You can blame some of Arkansas’ agricultural problems this year on two recent hurricanes. Hurricane Ike may further complicate life for farmers struggling in the wake of storms Fay and Gustav.

But farmers’ problems in 2008 began back in spring when heavy rains and flooding delayed planting by several weeks or made planting impossible. It reduced yield potential and complicated farmers’ lives.

Add to this situation, record high prices for fuel and fertilizer, and you have a recipe for big-time woes in a state where agriculture was valued at $3.4 billion last year.

“Every crop farmers planted this year will be the most expensive crop they’ve ever planted,” Jason Kelley, Extension specialist for wheat and feed grains for the University of Arkansas Division of Agriculture, said.

Here is a rundown of where crops stand:

CORN — “A lot of corn was blown over from Gustav, mostly south of Interstate 40,” Kelley said. “Much of the corn has been sitting in fields a month or more waiting for dry weather for harvest. Some of it is sprouting in the shucks, and some has fallen on the ground.”

When farmers are able to harvest, they will have to drive slowly across fields, which takes longer and uses more fuel, and they will still miss some of the crop.

“What they harvest may well have quality problems. We really need dry, warm weather to dry down grain and to dry out the ground,” Kelley said.

Farmers planted 460,000 acres of corn in 2008, down 25 percent from 2007. If not for spring flooding and cool, wet weather that delayed planting, farmers might have planted another 100,000 acres in the spring, Kelley said.

Farmers were expected to harvest 165 bushels an acre, 3 bushels less than last year’s record, now that figure may be optimistic.

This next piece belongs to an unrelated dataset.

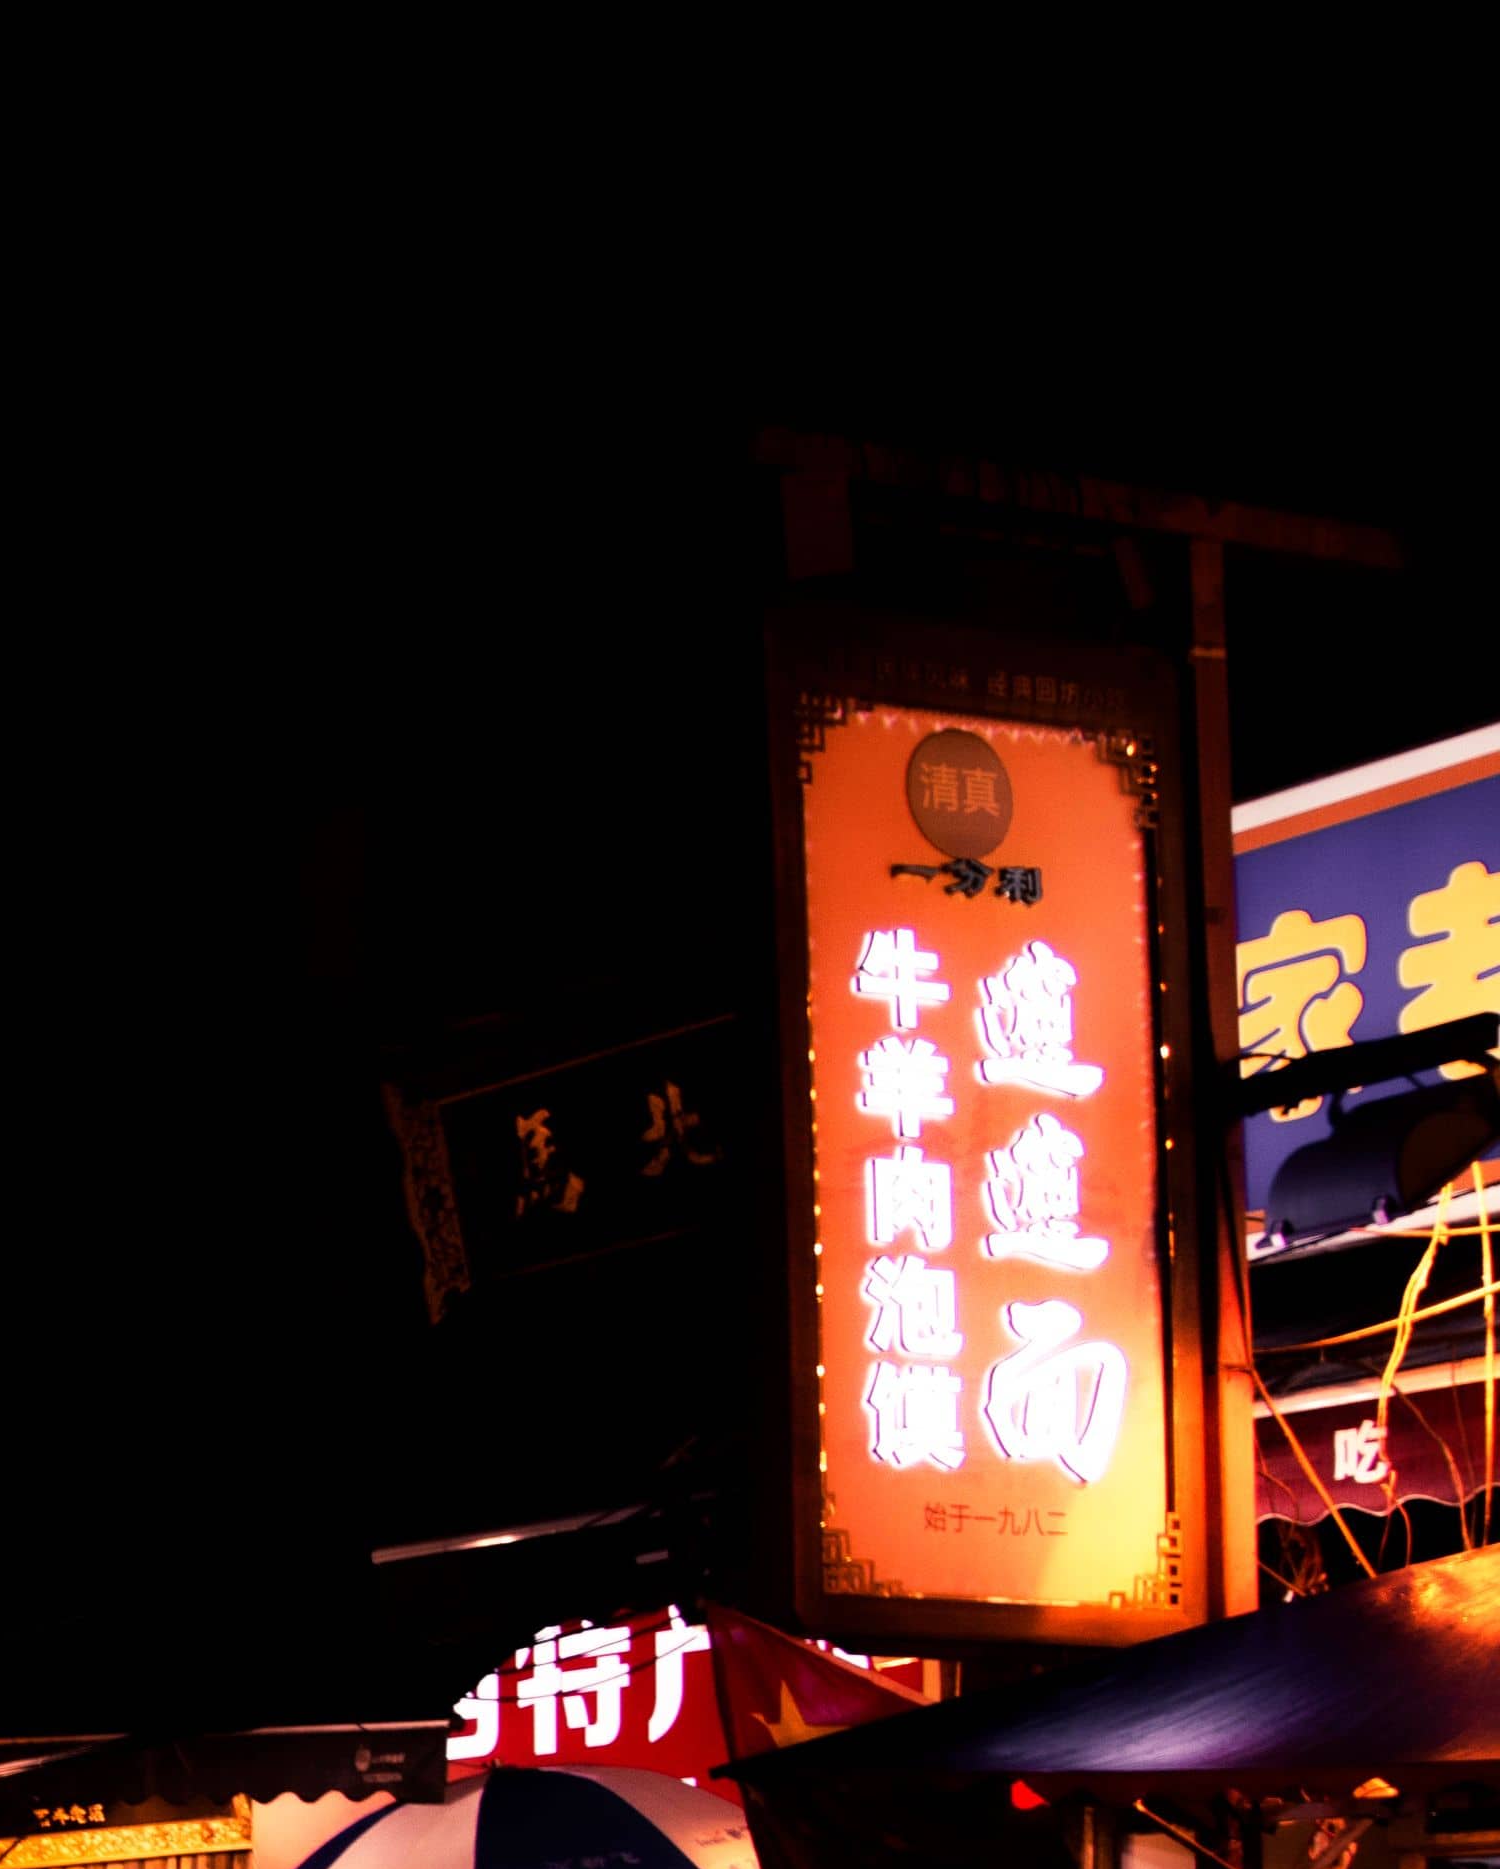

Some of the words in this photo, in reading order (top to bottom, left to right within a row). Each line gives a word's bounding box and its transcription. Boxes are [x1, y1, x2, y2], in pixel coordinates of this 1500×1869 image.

The crop was valued at $371.7 million in 2007.

GRAIN SORGHUM — The situation is the same for grain sorghum as it is for corn, said Kelley. “Grain elevators won’t take sorghum or corn grain above a certain moisture level. If producers don’t have a way to store and dry grain, their only options are to either wait for dry weather and suffer the problems associated with waiting, or harvest the crop and accept a hefty discount at the elevator,” Kelley said.

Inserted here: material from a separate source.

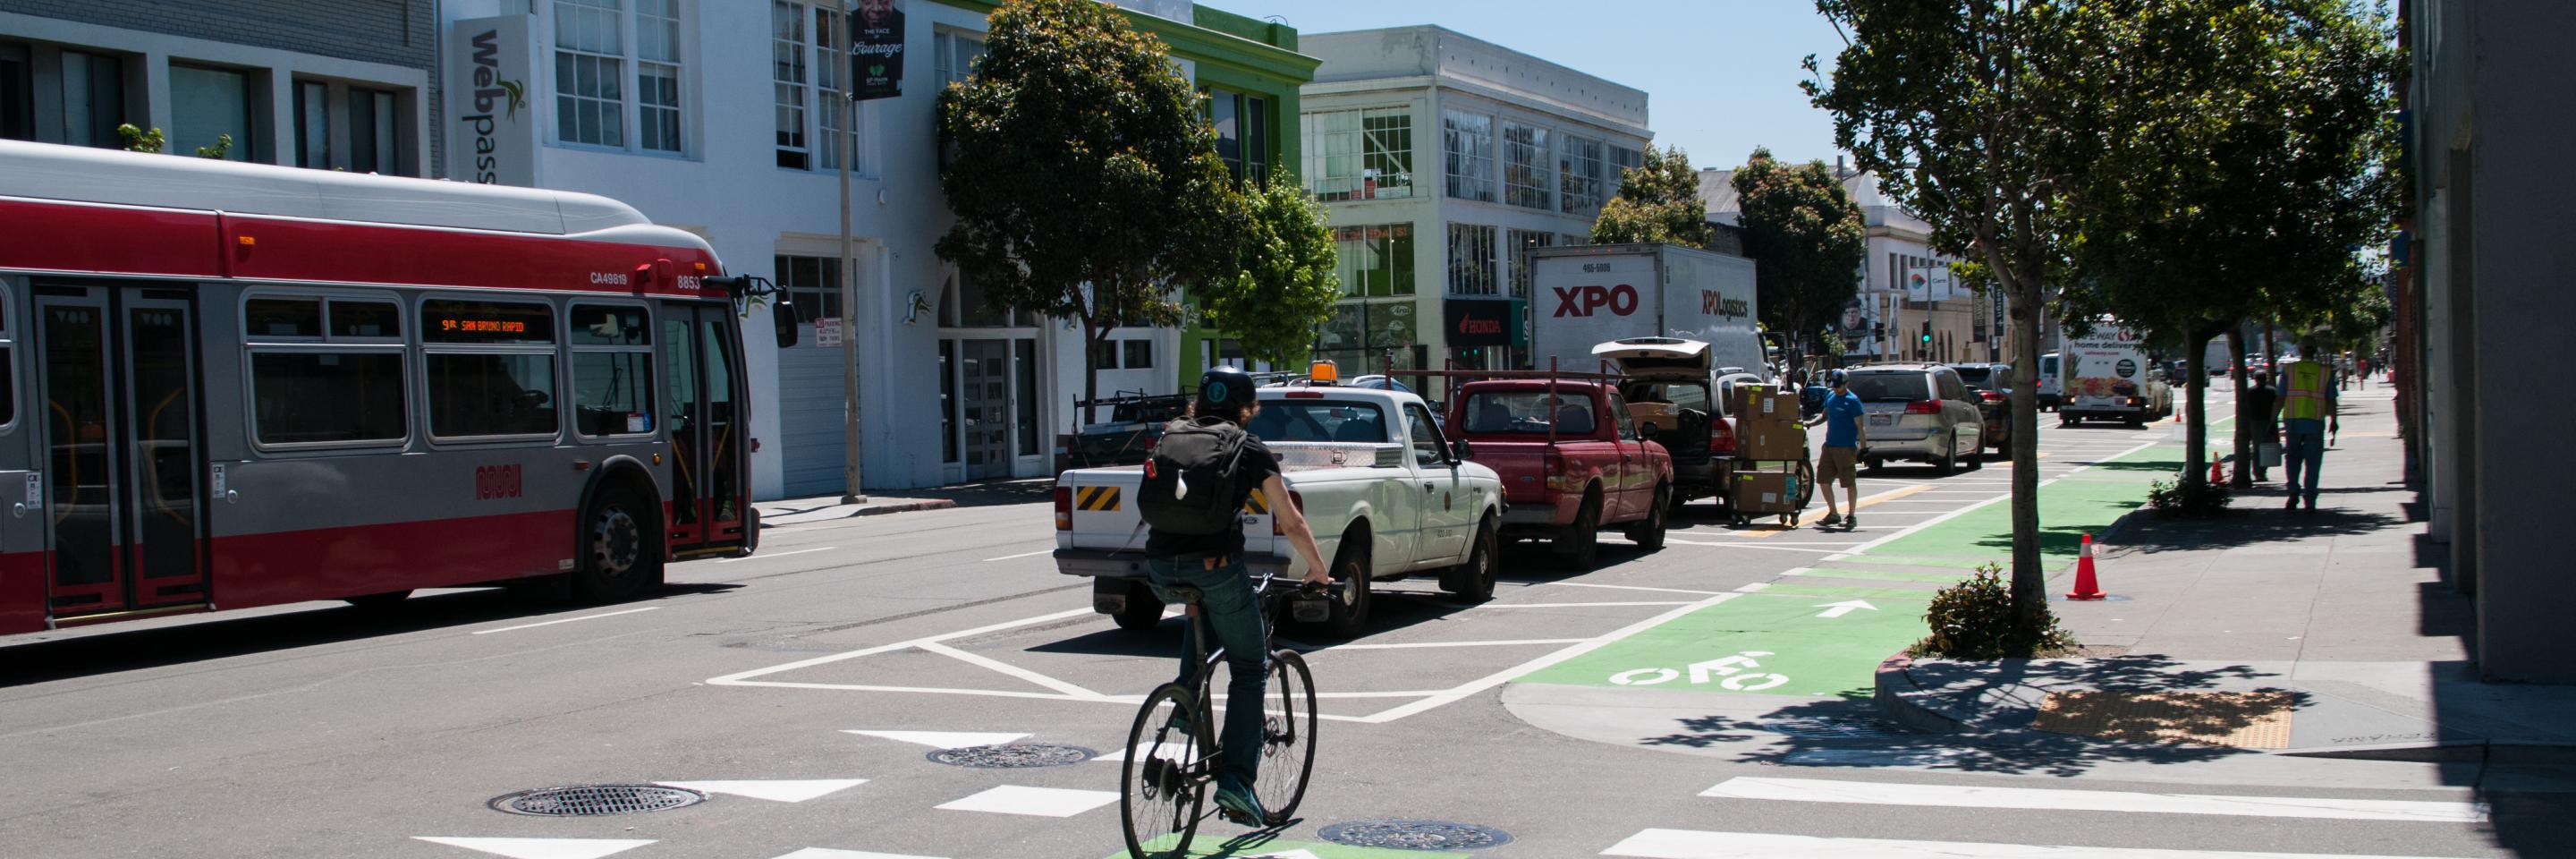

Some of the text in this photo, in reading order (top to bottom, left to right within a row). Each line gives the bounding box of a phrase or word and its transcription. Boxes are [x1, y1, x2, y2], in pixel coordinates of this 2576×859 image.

Farmers planted about 225,000 acres of grain sorghum in 2007, but that dropped to about 150,000 this year because of the unfavorable spring. The grain sorghum crop was worth nearly $73 million in 2007.

COTTON — Frank Groves, Extension cotton verification coordinator, said 2008 has been a more difficult year than any other he could remember for cotton.

“Much of our cotton got planted late. Typically, most cotton is planted in two weeks; this year, it stretched over six weeks. The late planted cotton is probably doing better than the earlier planted cotton. The earlier planted crop has been more susceptible to recent weather problems.”

Groves said it’s difficult to get a handle on the statewide outlook. “You can drive by an area and all the crop is lodged (blown over by the wind), then you drive down the road 10 miles and it looks fine.”

Groves said some farmers are defoliating to make harvest easier, “but that’s a little scary because they don’t know what Hurricane Ike will do. On the other hand, if they postpone defoliation and harvest, they’re risking quality problems later.”

Normal cotton harvest begins in mid-September and runs through mid-October. Many farmers also have rice, soybean and corn crops ready to be harvested, making scheduling decisions difficult.

Groves said many cotton farmers say insect control has been cheaper, offsetting irrigation costs. However, soaring fertilizer prices have not been offset.

Farmers planted about 700,000 acres of cotton in 2008, down from 860,000 the year before. They expect to pick 1,125 pounds of cotton per acre this year, a little more than last year when a rainy spring and an August heat wave hurt yields. The crop was valued at $461 million in 2007.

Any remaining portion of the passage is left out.